Filed under: BizTechNews |

Former intelligence officials have revealed a surveillance system that has been quietly laid out to stalk millions of Americans across the country.   The system is stronger than facial recognition and is out of the site of most Americans.

Emails hacked by the group “Anonymous,” have found evidence of these systems and they serve as warnings to privacy experts everywhere.  Data is collected on thousands of street corners across the US and then encrypted to be stored in a central database and aggregated with other forms of information.

The program is called Trapwire and it came out of the Abraxas, a company in Virginia that is staffed with the technologically elite.

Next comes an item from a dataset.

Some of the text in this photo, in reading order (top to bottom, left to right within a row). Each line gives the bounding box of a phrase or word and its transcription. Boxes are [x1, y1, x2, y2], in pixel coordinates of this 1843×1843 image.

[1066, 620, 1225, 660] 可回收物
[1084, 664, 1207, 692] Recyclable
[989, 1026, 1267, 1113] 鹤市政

Although the federal government wishes to keep these developments secret, a hack of the Strategic Forecasting intelligence agency, or Stratfor, has opened these secrets for others to analyze and understand.  Hackers broke into Stratfor on Christmas Eve, 2011.   They then collected over five million emails from the company.  The emails were then released via Wikleaks as a group of Global Intelligence Files (GIF).

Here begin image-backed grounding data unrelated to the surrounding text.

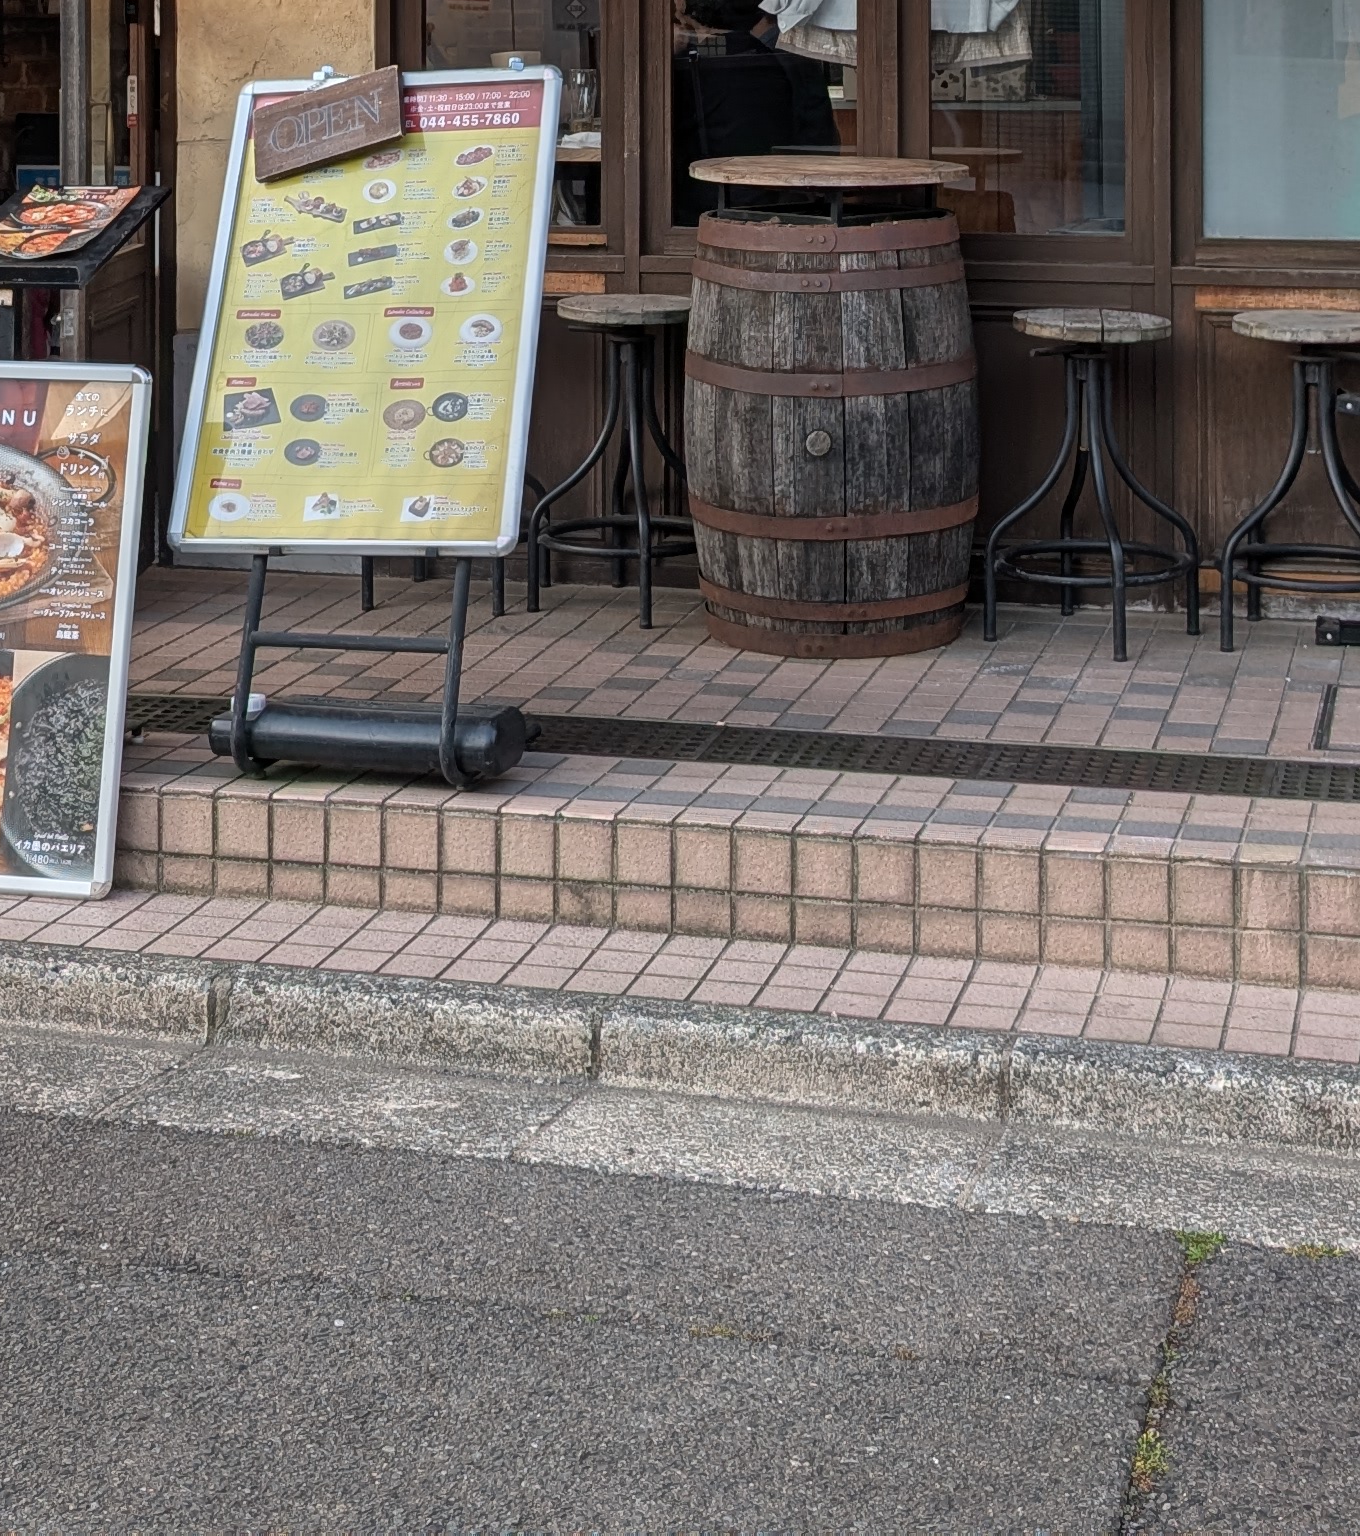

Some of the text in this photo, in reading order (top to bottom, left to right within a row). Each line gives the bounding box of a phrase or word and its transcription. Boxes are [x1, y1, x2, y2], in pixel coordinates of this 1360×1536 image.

[429, 94, 448, 103] 11:30
[456, 92, 475, 101] 15:00
[482, 91, 502, 100] 17:00
[270, 88, 383, 153] OPEN
[420, 112, 520, 129] 044-455-7860
[75, 392, 100, 402] 全ての
[65, 405, 109, 417] ランチに
[68, 433, 101, 445] サラダ
[51, 499, 107, 508] ジンジャーエール
[60, 517, 95, 526] コカコーラ
[50, 566, 70, 575] ティー
[14, 840, 86, 854] イカ墨のパエリア

A June press release states that TrapWire is “designed to provide a simple yet powerful means of collecting and recording suspicious activity reports.” It collects a series of data on various suspects for it to be “analyzed and compared with data entered from other areas within a network for the purpose of identifying patterns of behavior that are indicative of pre-attack planning.”

Other details to have emerged about Trapwire include the following:

“Suspicious activity reports from all facilities on the TrapWire network are aggregated in a central database and run through a rules engine that searches for patterns indicative of terrorist surveillance operations and other attack preparations.”

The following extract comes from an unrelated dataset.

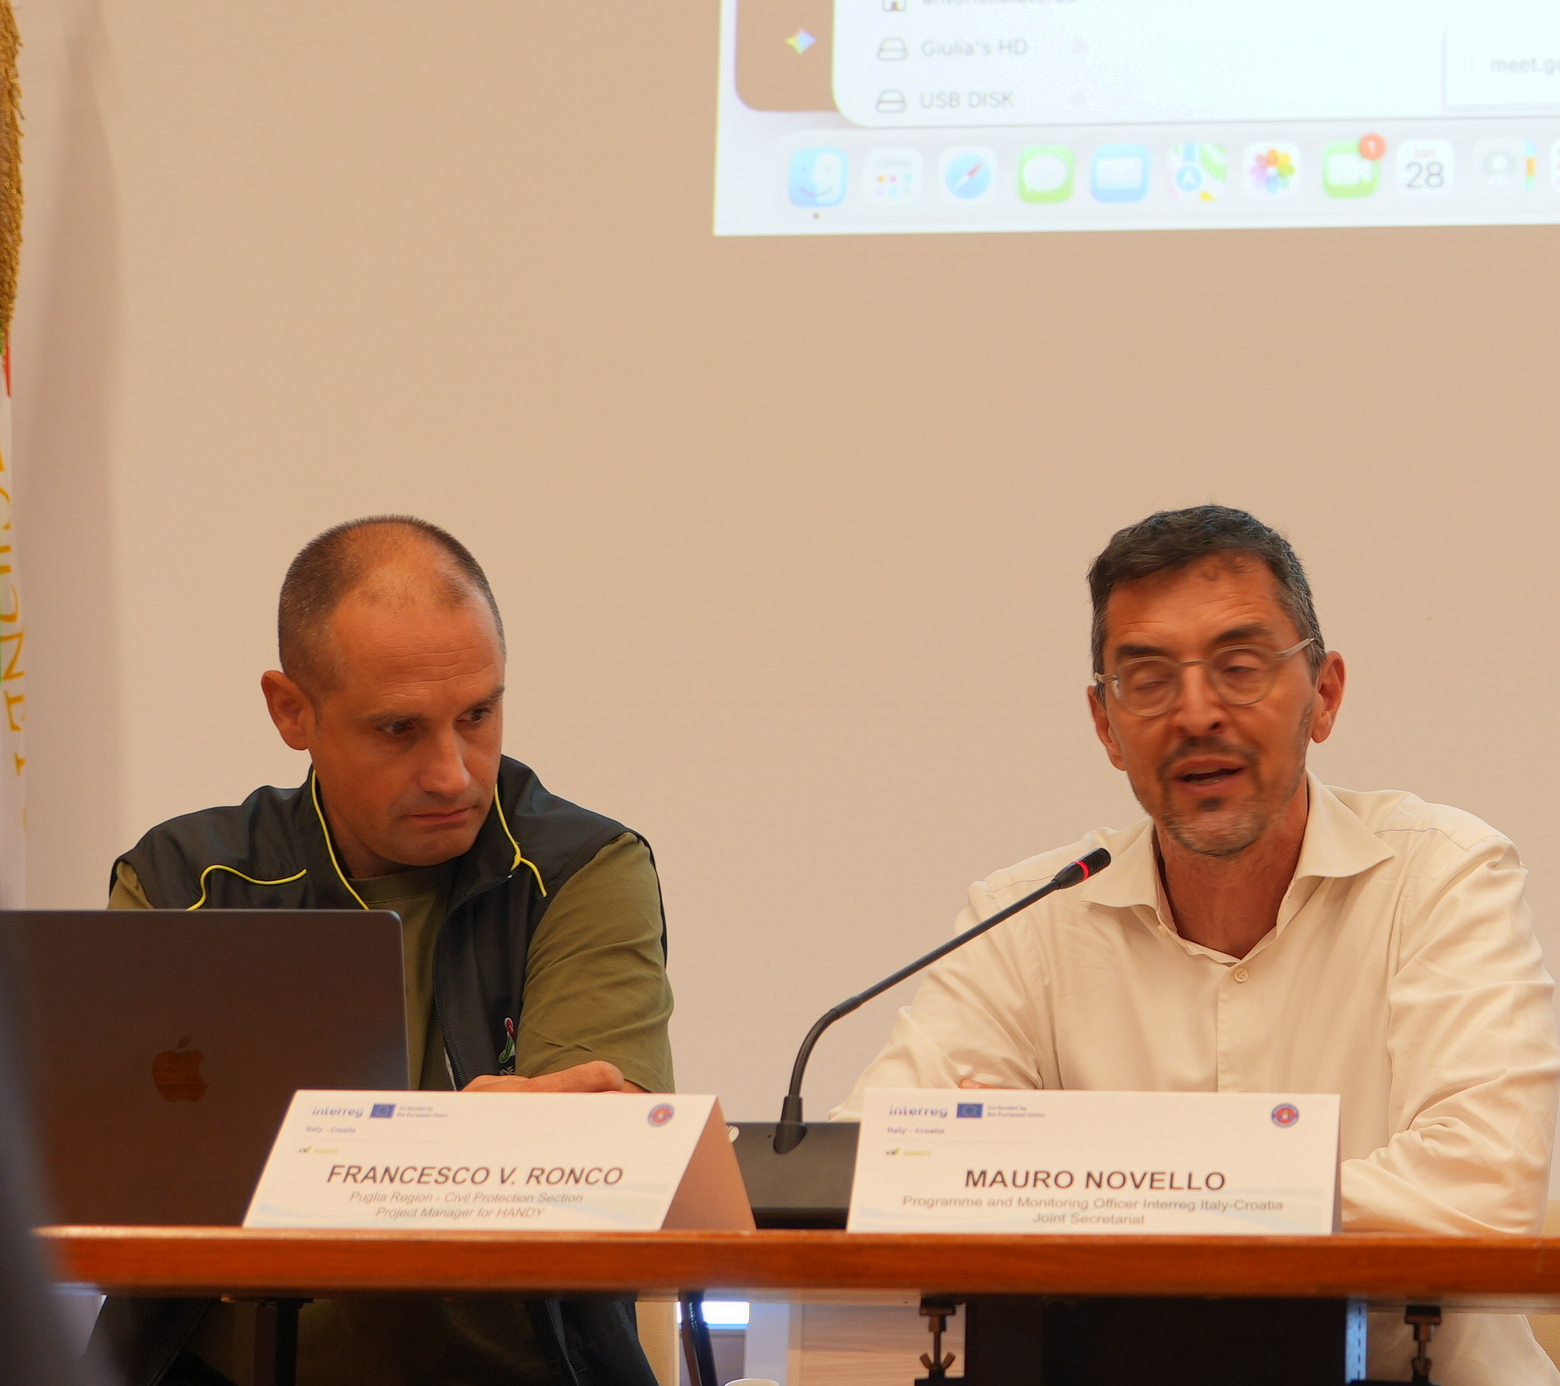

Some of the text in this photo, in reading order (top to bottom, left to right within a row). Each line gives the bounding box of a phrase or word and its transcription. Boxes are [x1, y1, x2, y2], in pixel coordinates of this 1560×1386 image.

TrapWire has been used in most major American cities at high value targets (HVTs) and across the globe as well.  The release of this information comes at the same time that there is a push to reduce the number of data leaks coming out of Washington.  The government is also ramping up its prosecution of whisteblowers.

There are concerns from privacy experts that this secret technology might be used against American citizens and dissidents of the federal government.